Laguna City (麗港城) is a large-scale private-housing estates built in Sai Tso Wan, Kwun Tong District, in eastern Kowloon, Hong Kong. It was developed jointly by Cheung Kong Holdings and Hutchison Whampoa Property and completed in the early 1990s.

==Location==
Laguna City is built along Lam Tin's waterfront. Part of Laguna City is built on reclaimed land. The development is adjacent to Cha Kwo Ling Village, one of the last squatter villages in Hong Kong.

==History==
In the late 1980s, Cheung Kong acquired two pieces of land in Lam Tin, one being a former Shell oil depot, now the Laguna City, the other above the newly built Lam Tin MTR station and bus terminus, which was developed into the Sceneway Garden respectively. Laguna City was completed in 1991 and Sceneway Garden was completed in 1992.

==Description==
Laguna City consists of four phases, totalling 38 towers at its 1991 completion.
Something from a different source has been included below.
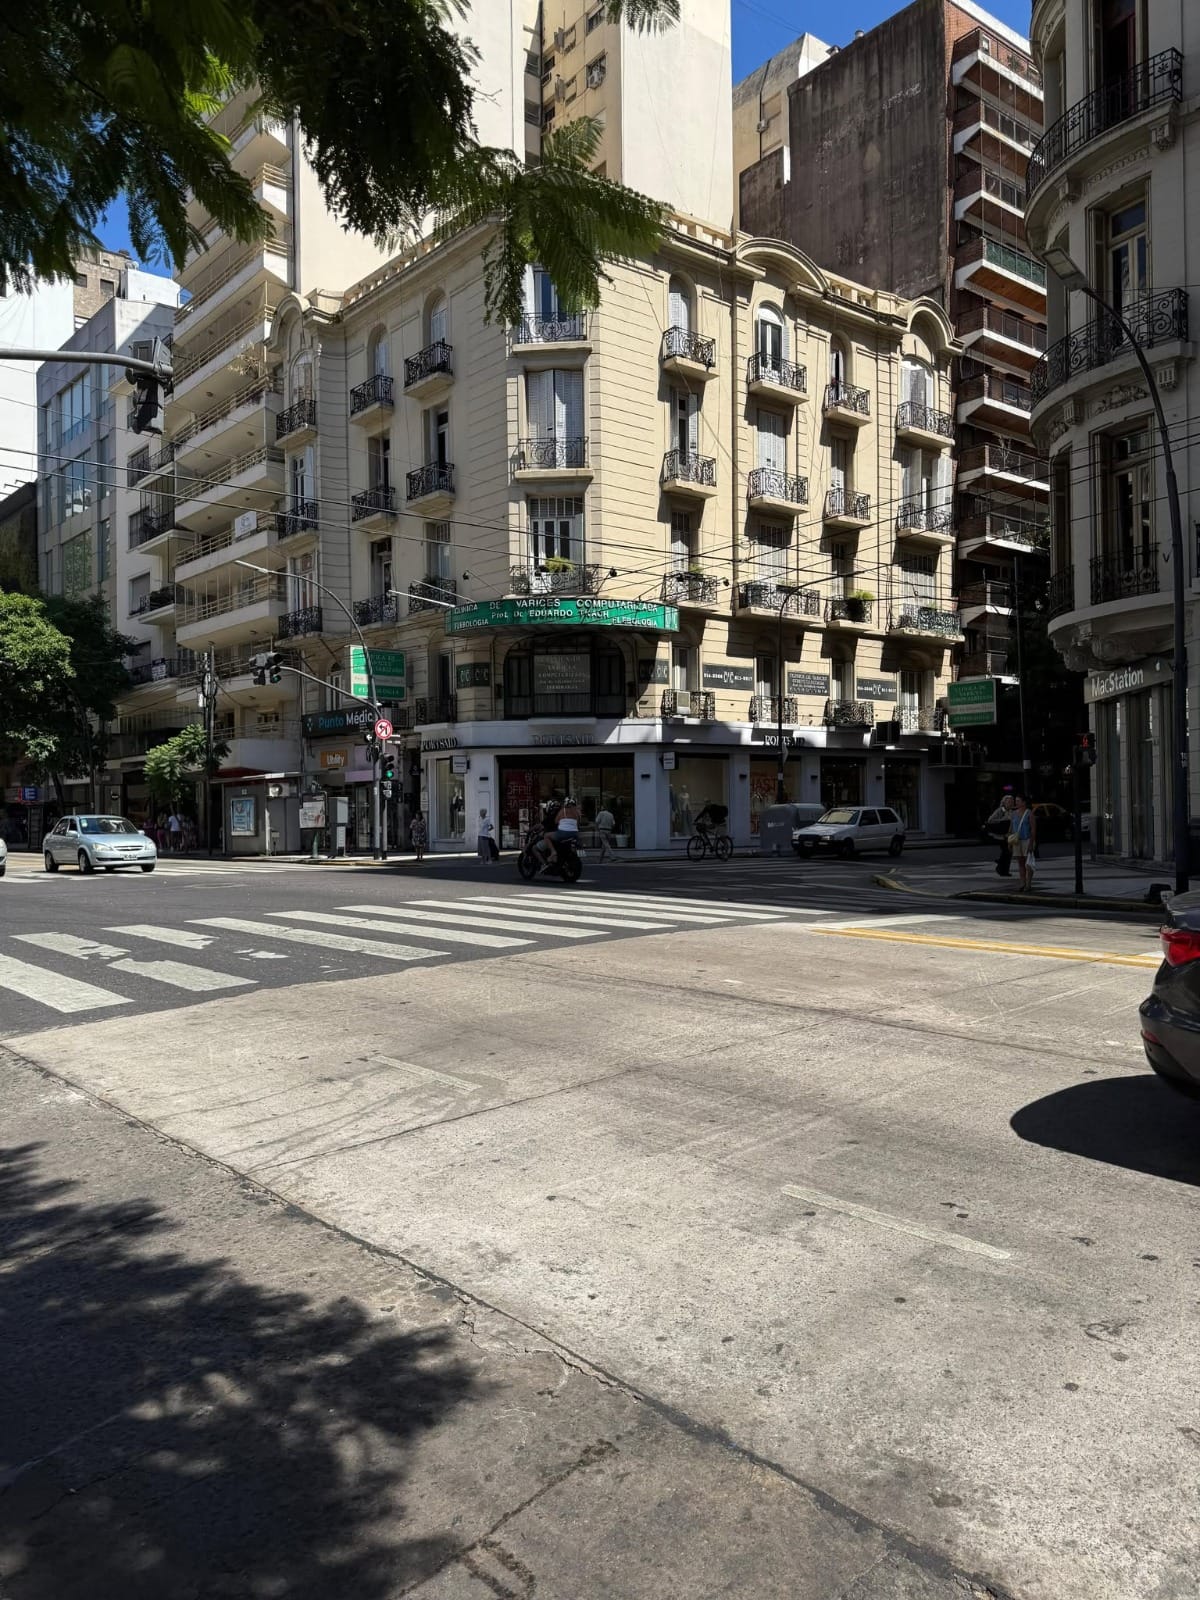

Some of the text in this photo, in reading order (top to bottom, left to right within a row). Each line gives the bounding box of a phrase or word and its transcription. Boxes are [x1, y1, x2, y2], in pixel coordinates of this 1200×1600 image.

There are 3 private roads in Laguna City, which are Laguna Street in phase 1 and 4, Laguna Street East in phase 2 and Laguna Street South in phase 3. Phases 1, 2 and 4 of Laguna City are managed by the same company, while phase 3 has an independent management authority. Similarly, Phases 1, 2 and 4 share an owners' committee, whereas Phase 3 has its own. Census data indicate that Laguna City had a population of 22,319 in 2021.

Built together with Laguna City was Laguna Park, which was completed in 1994 and then handed over to the Urban Council, now the Leisure and Cultural Services Department. Laguna Park has a total area of 30,000 sq m (320,000 ft^{2}).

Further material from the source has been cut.